Yelp writes about their newly open-sourced autoscaler for Kubernetes, Clusterman. Compared to the Kubernetes Autoscaler, there are some interesting features like support for spot instances and the ability to simulate production workloads.

With the complexity that comes with a distributed system, it can be overwhelming to start the process of identifying and classifying failure modes. This post provides a great high level blueprint for how to approach this problem—including bucketing types of failure through Failure Modes and Effects Analysis and calculating a Risk Priority Number for each item in your analysis. Lots of great stuff (and spreadsheets to help!) for understanding how to build a reliable system.

Spotify shares lessons learned from operating a large-scale event delivery system, which powers some key business functions like tracking track plays to calculate royalties. They describe some of the principles (e.g. segregating data by event type and choosing liveness over lateness), how they think about Service Level Objectives for event delivery, and how they are exposing their event platform to other internal teams.

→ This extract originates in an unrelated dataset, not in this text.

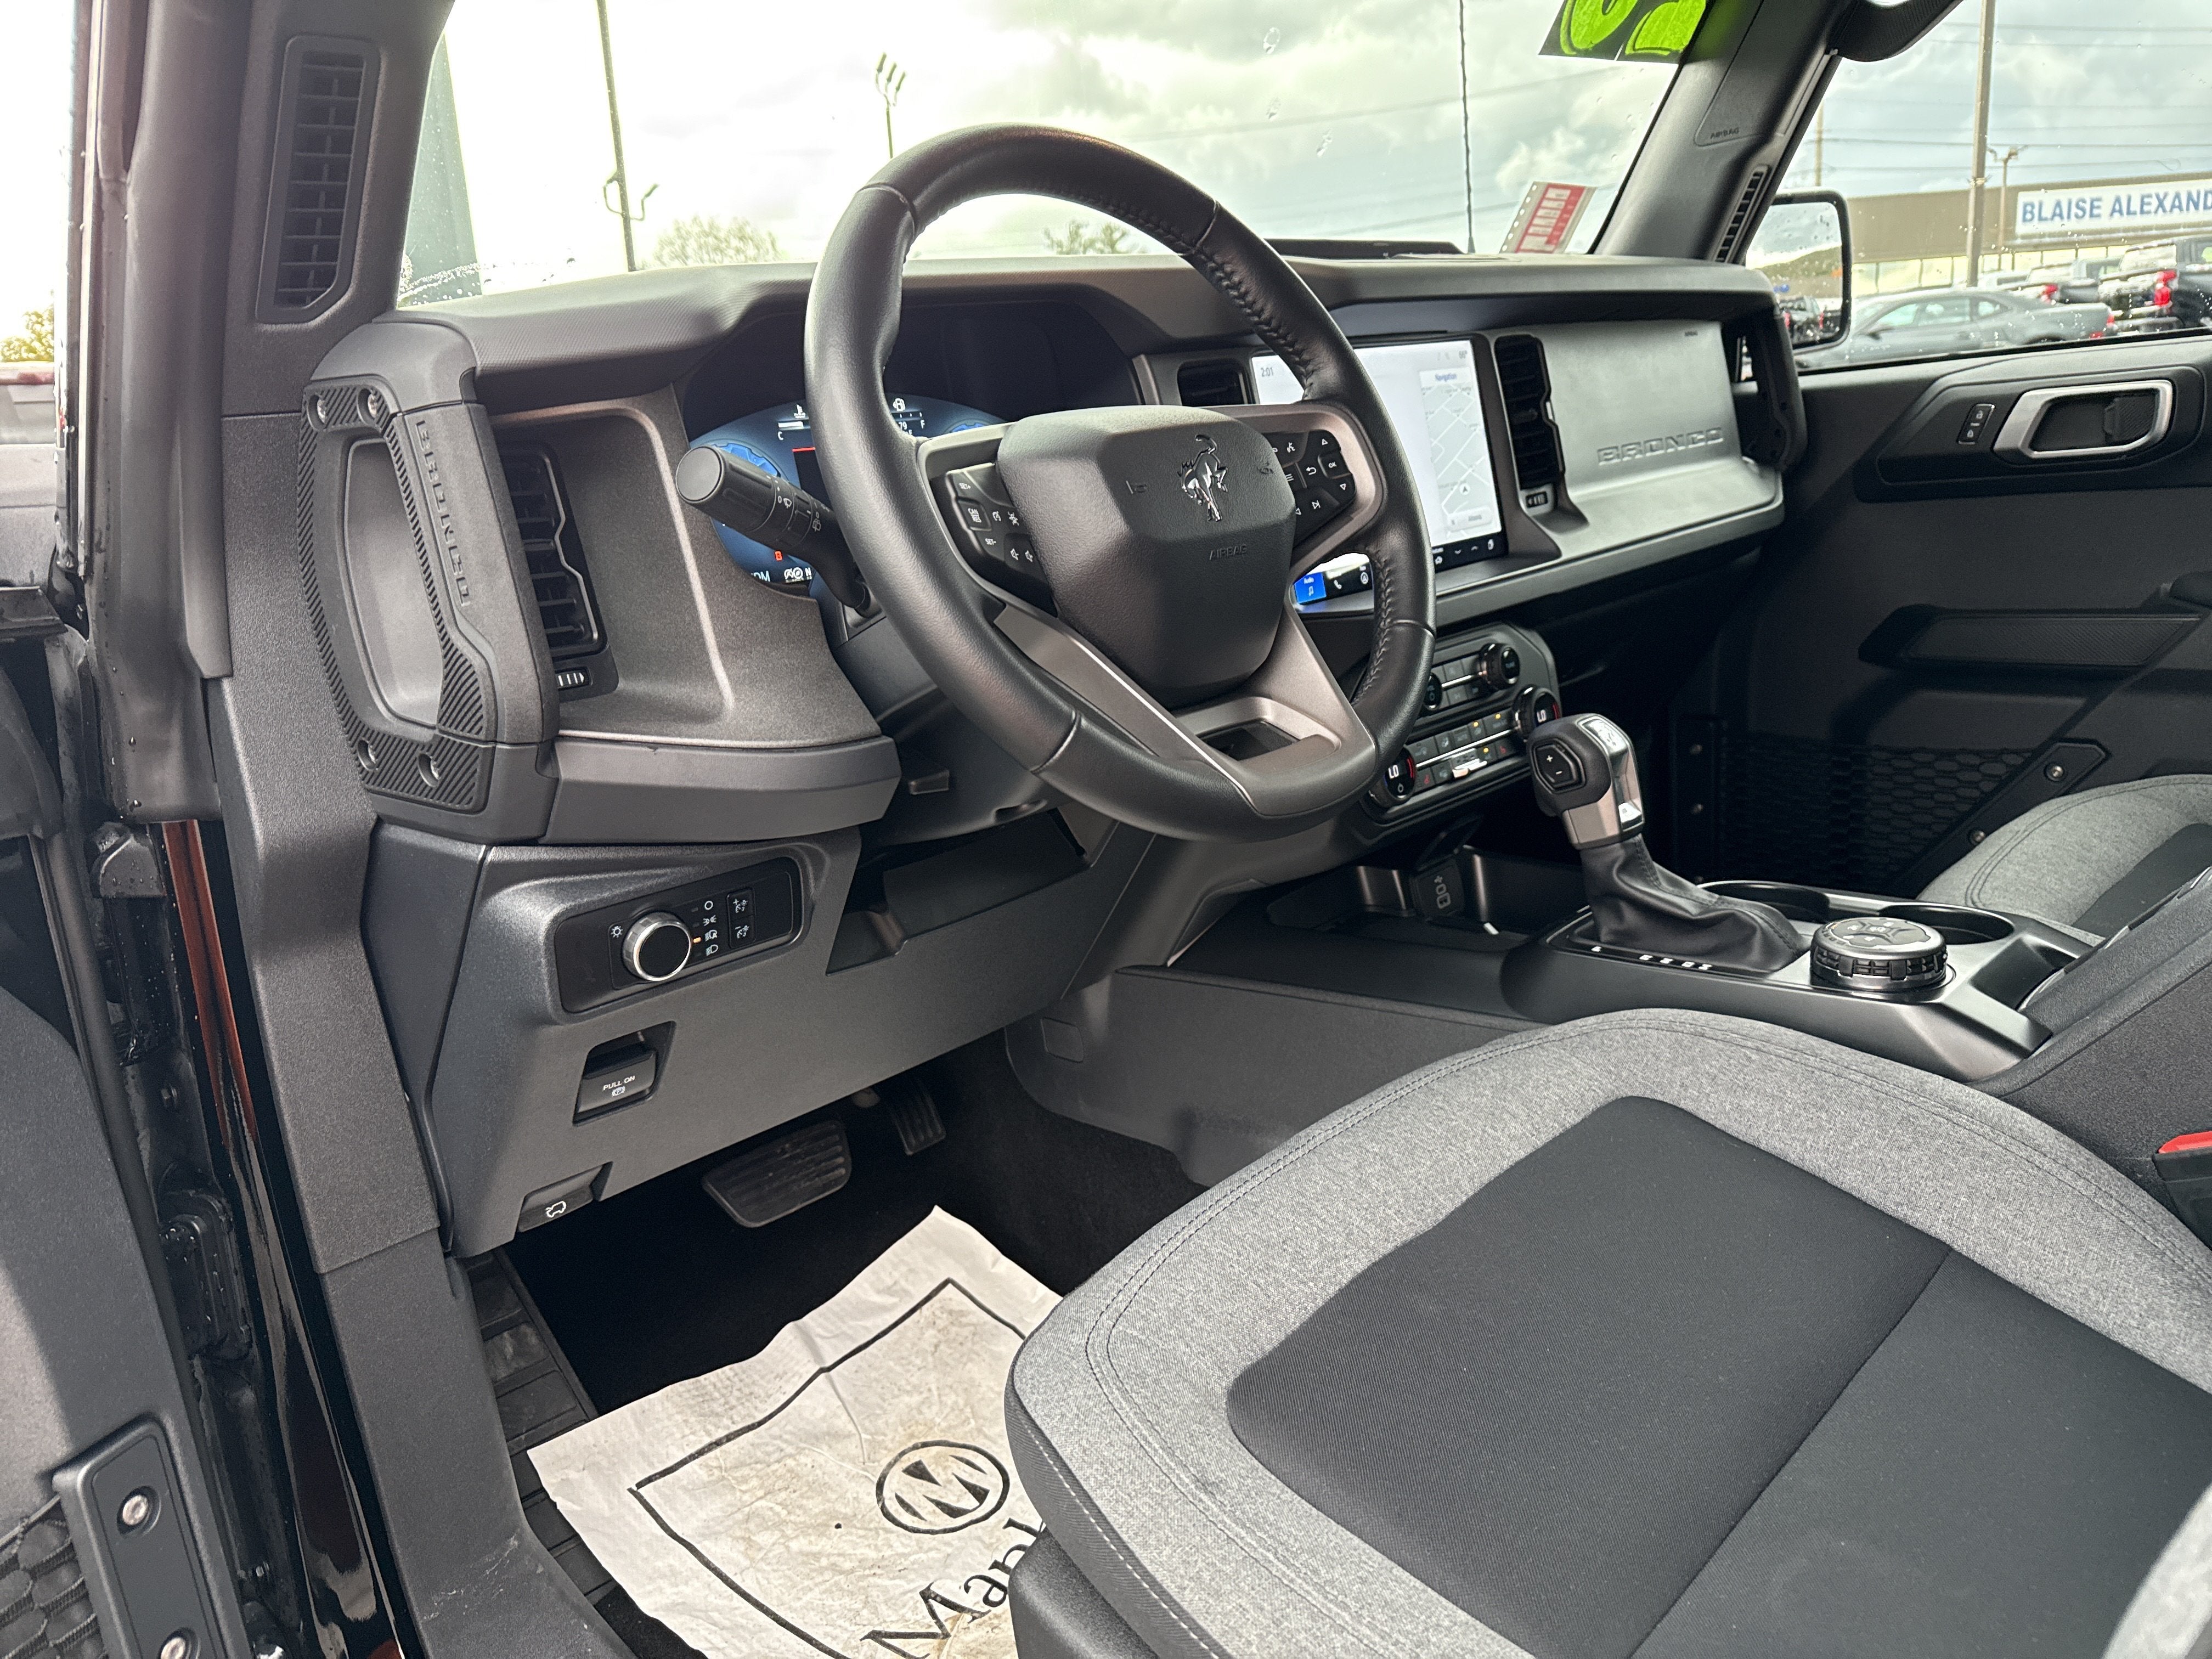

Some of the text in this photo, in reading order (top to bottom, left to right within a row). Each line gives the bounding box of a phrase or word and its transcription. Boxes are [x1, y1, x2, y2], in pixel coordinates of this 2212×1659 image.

Coupang, an e-commerce company from South Korea, writes about the evolution of their data platform over the past several years. They've been through several phases: storing all data in a relational database, using Hadoop, Hive, & a MPP database, and migrating to the cloud. The post dives into some of the other important features of their pipeline, like how they track data quality, detect data abnormalities, and make data discoverable to users.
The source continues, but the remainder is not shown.